# EXERCISE AIM
The answer is the data repeated in full, with no pictures included.

Image-backed grounding data:
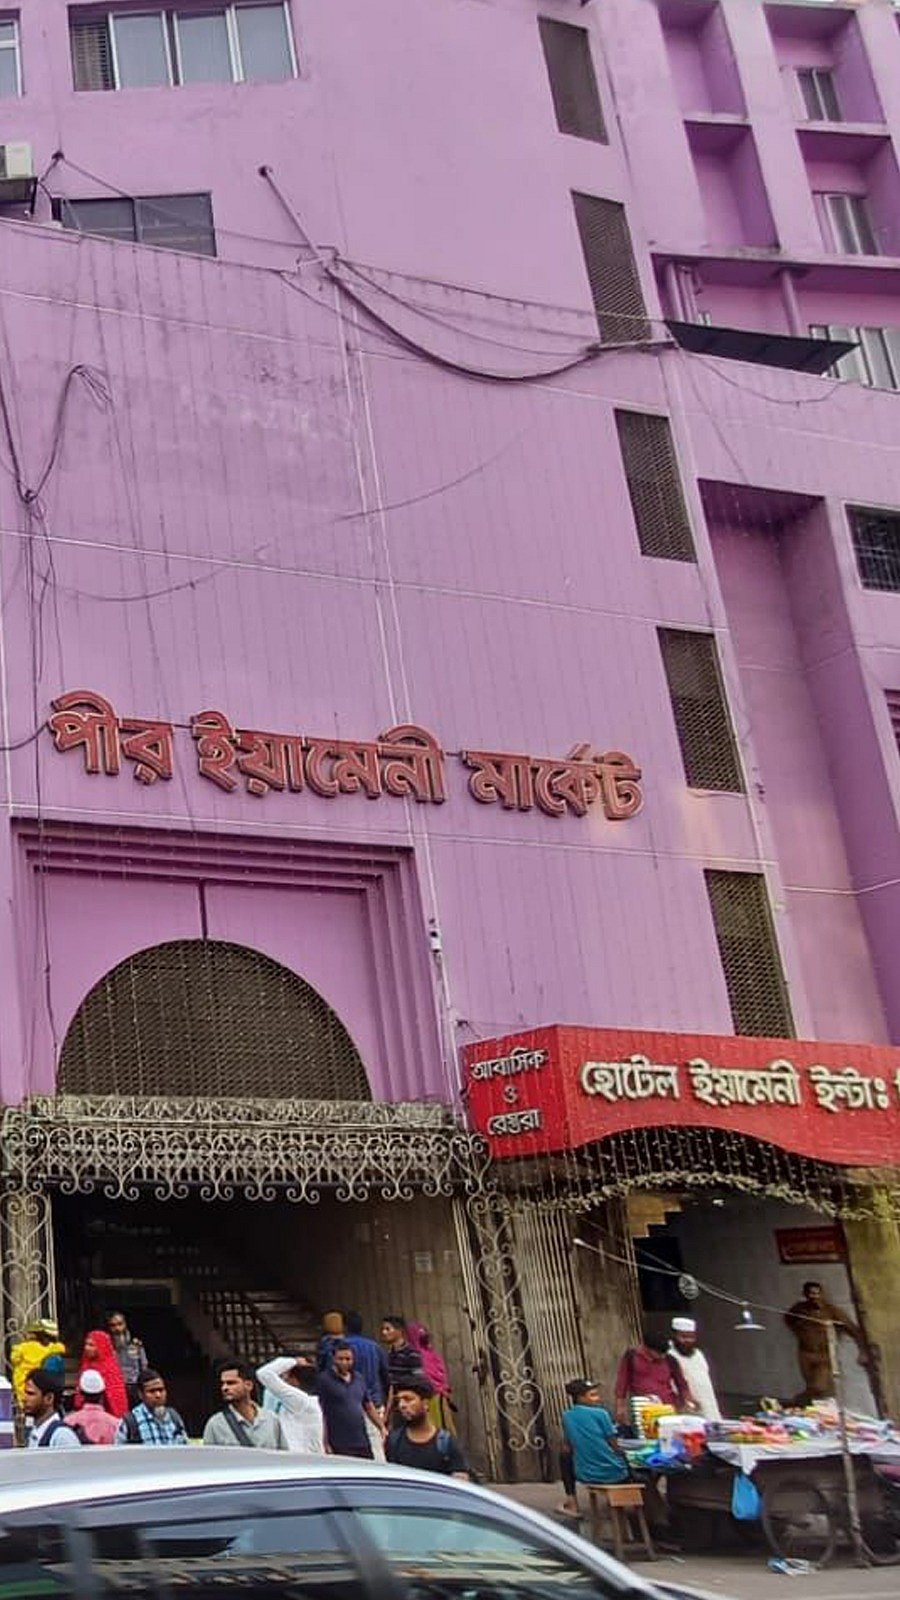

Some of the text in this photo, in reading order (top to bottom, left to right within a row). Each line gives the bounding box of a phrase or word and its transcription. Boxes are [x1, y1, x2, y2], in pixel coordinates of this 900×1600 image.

[49, 690, 644, 820] পীর ইয়ামেনী মার্কেট
[470, 1047, 549, 1080] আবাসিক
[580, 1054, 681, 1103] হোটেল
[688, 1057, 802, 1107] ইয়ামেনী
[503, 1085, 518, 1104] ও
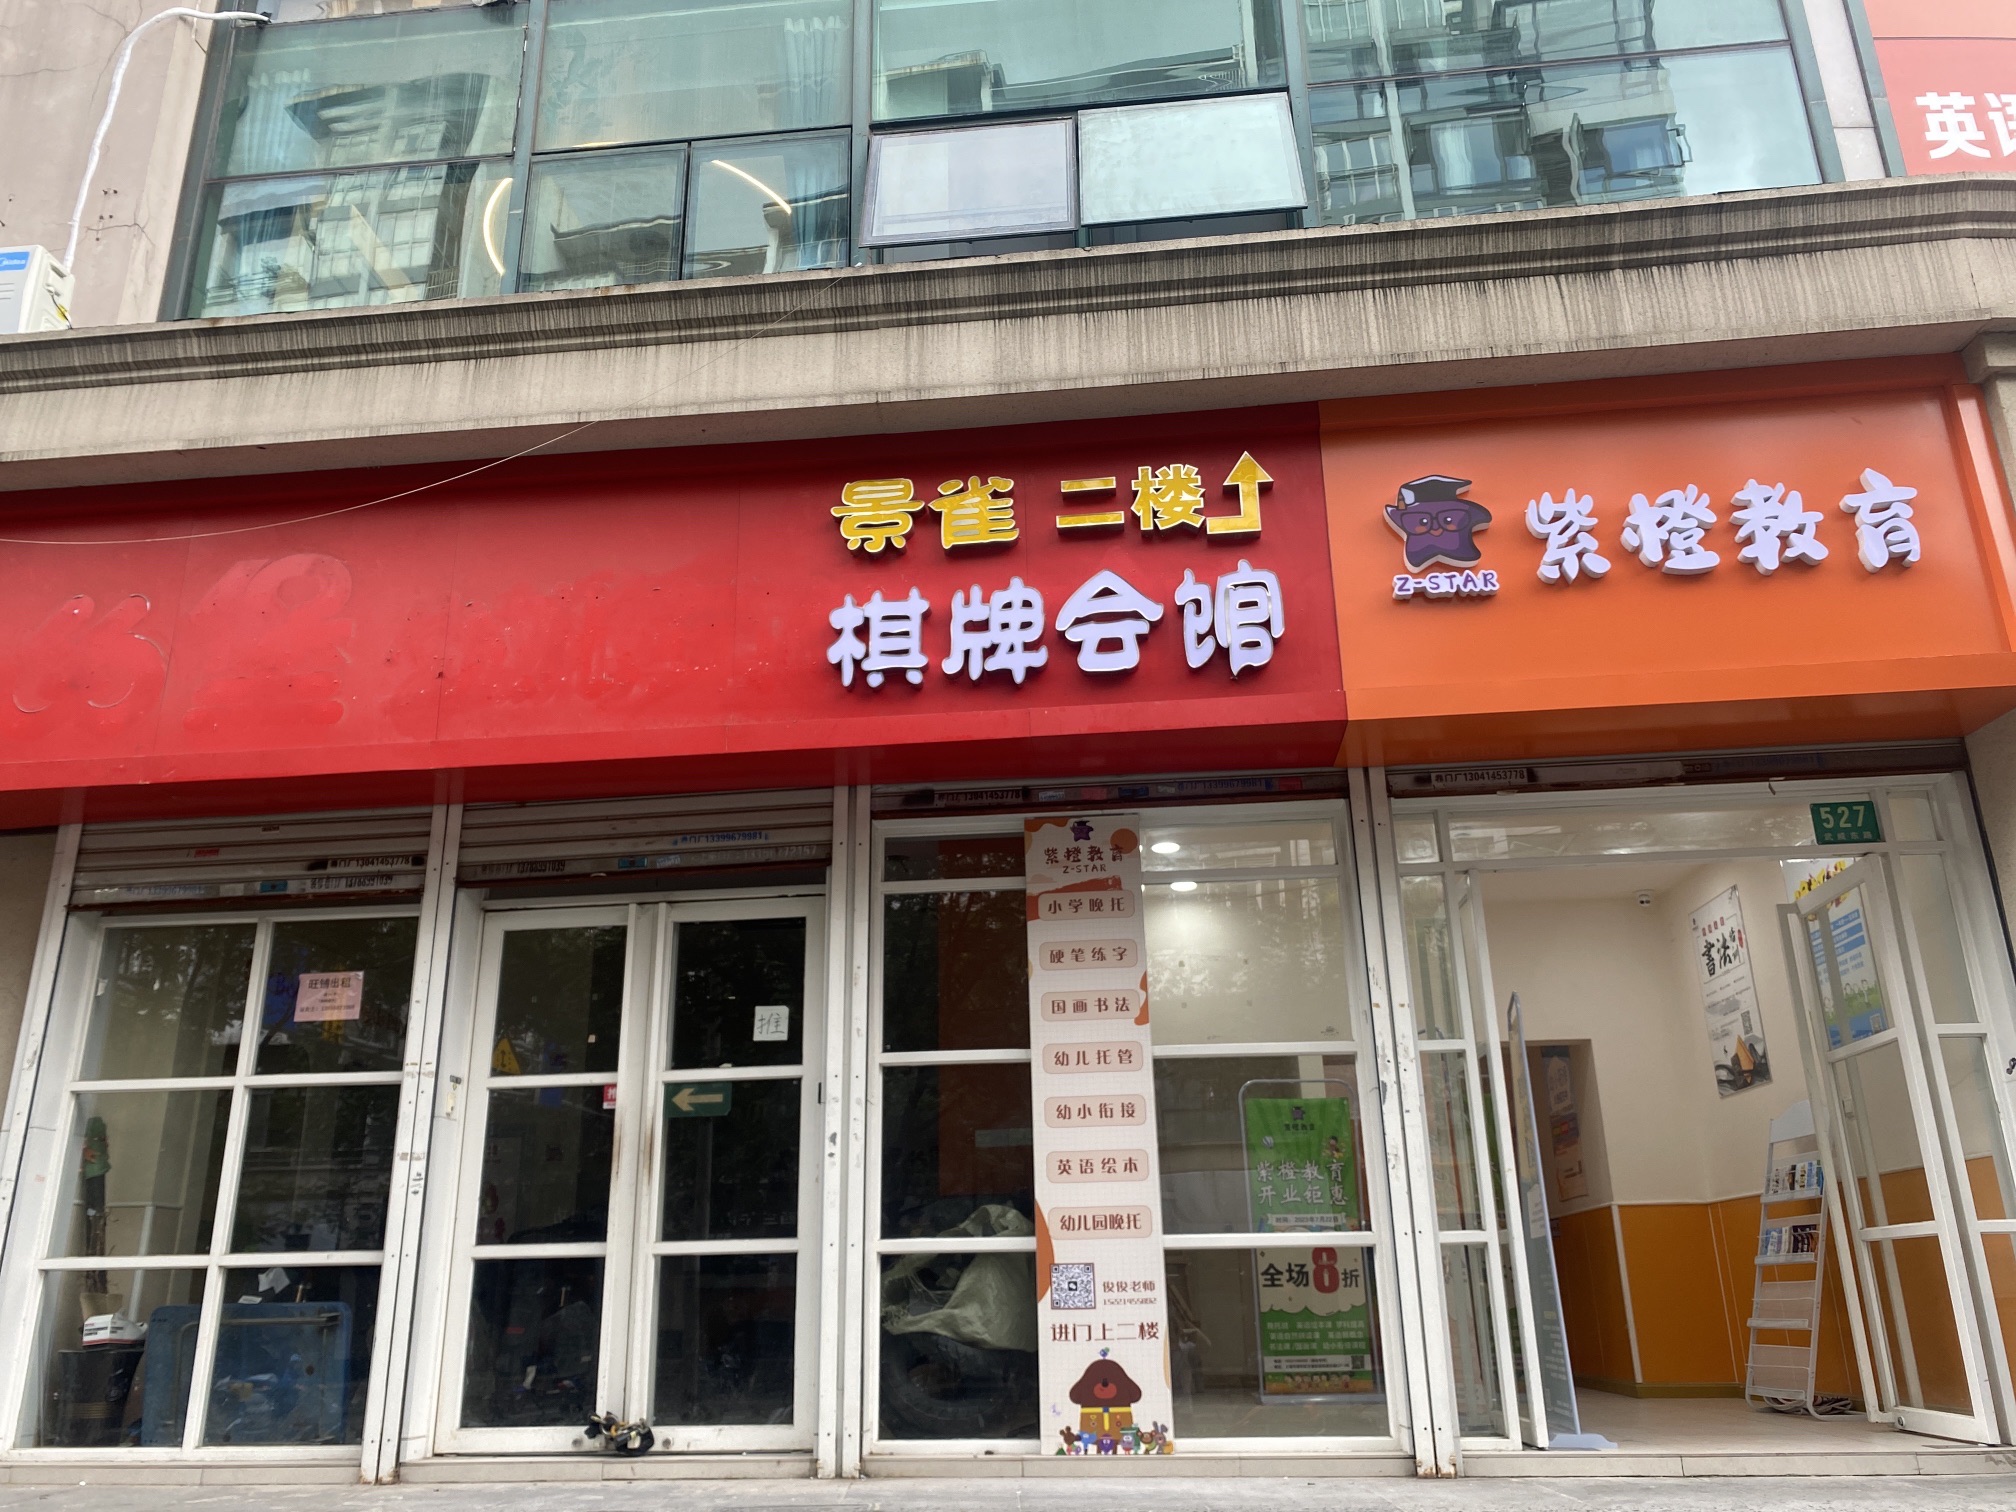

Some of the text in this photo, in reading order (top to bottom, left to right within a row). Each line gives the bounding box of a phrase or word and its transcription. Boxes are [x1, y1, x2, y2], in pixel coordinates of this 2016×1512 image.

[831, 464, 1206, 554] 景雀 二楼
[1524, 467, 1922, 586] 紫橙教育
[1396, 570, 1500, 598] Z-STAR
[826, 559, 1286, 688] 棋牌会馆
[1819, 805, 1865, 829] 527
[1044, 844, 1123, 865] 紫橙教育
[1062, 864, 1107, 874] Z-STAR
[1048, 897, 1126, 915] 小学晚托
[1049, 946, 1128, 964] 硬笔练字
[1051, 997, 1130, 1014] 国画书法
[757, 1013, 785, 1034] 推
[1054, 1049, 1133, 1067] 幼儿托管
[1056, 1102, 1136, 1120] 幼小衔接
[1056, 1157, 1139, 1175] 英语绘本
[1257, 1158, 1346, 1182] 紫橙教育
[1258, 1183, 1348, 1207] 开业钜惠
[1060, 1213, 1142, 1231] 幼儿园晚托
[1261, 1247, 1360, 1294] 全场8折
[1102, 1280, 1156, 1293] 俊俊老师
[1050, 1321, 1160, 1342] 进门上二楼

# EXPECTED ANSWER
Some of the text in this photo, in reading order (top to bottom, left to right within a row). Each line gives the bounding box of a phrase or word and its transcription. Boxes are [x1, y1, x2, y2], in pixel coordinates of this 900×1600 image.

[49, 690, 644, 820] পীর ইয়ামেনী মার্কেট
[470, 1047, 549, 1080] আবাসিক
[580, 1054, 681, 1103] হোটেল
[688, 1057, 802, 1107] ইয়ামেনী
[503, 1085, 518, 1104] ও

Some of the text in this photo, in reading order (top to bottom, left to right within a row). Each line gives the bounding box of a phrase or word and its transcription. Boxes are [x1, y1, x2, y2], in pixel coordinates of this 2016×1512 image.

[831, 464, 1206, 554] 景雀 二楼
[1524, 467, 1922, 586] 紫橙教育
[1396, 570, 1500, 598] Z-STAR
[826, 559, 1286, 688] 棋牌会馆
[1819, 805, 1865, 829] 527
[1044, 844, 1123, 865] 紫橙教育
[1062, 864, 1107, 874] Z-STAR
[1048, 897, 1126, 915] 小学晚托
[1049, 946, 1128, 964] 硬笔练字
[1051, 997, 1130, 1014] 国画书法
[757, 1013, 785, 1034] 推
[1054, 1049, 1133, 1067] 幼儿托管
[1056, 1102, 1136, 1120] 幼小衔接
[1056, 1157, 1139, 1175] 英语绘本
[1257, 1158, 1346, 1182] 紫橙教育
[1258, 1183, 1348, 1207] 开业钜惠
[1060, 1213, 1142, 1231] 幼儿园晚托
[1261, 1247, 1360, 1294] 全场8折
[1102, 1280, 1156, 1293] 俊俊老师
[1050, 1321, 1160, 1342] 进门上二楼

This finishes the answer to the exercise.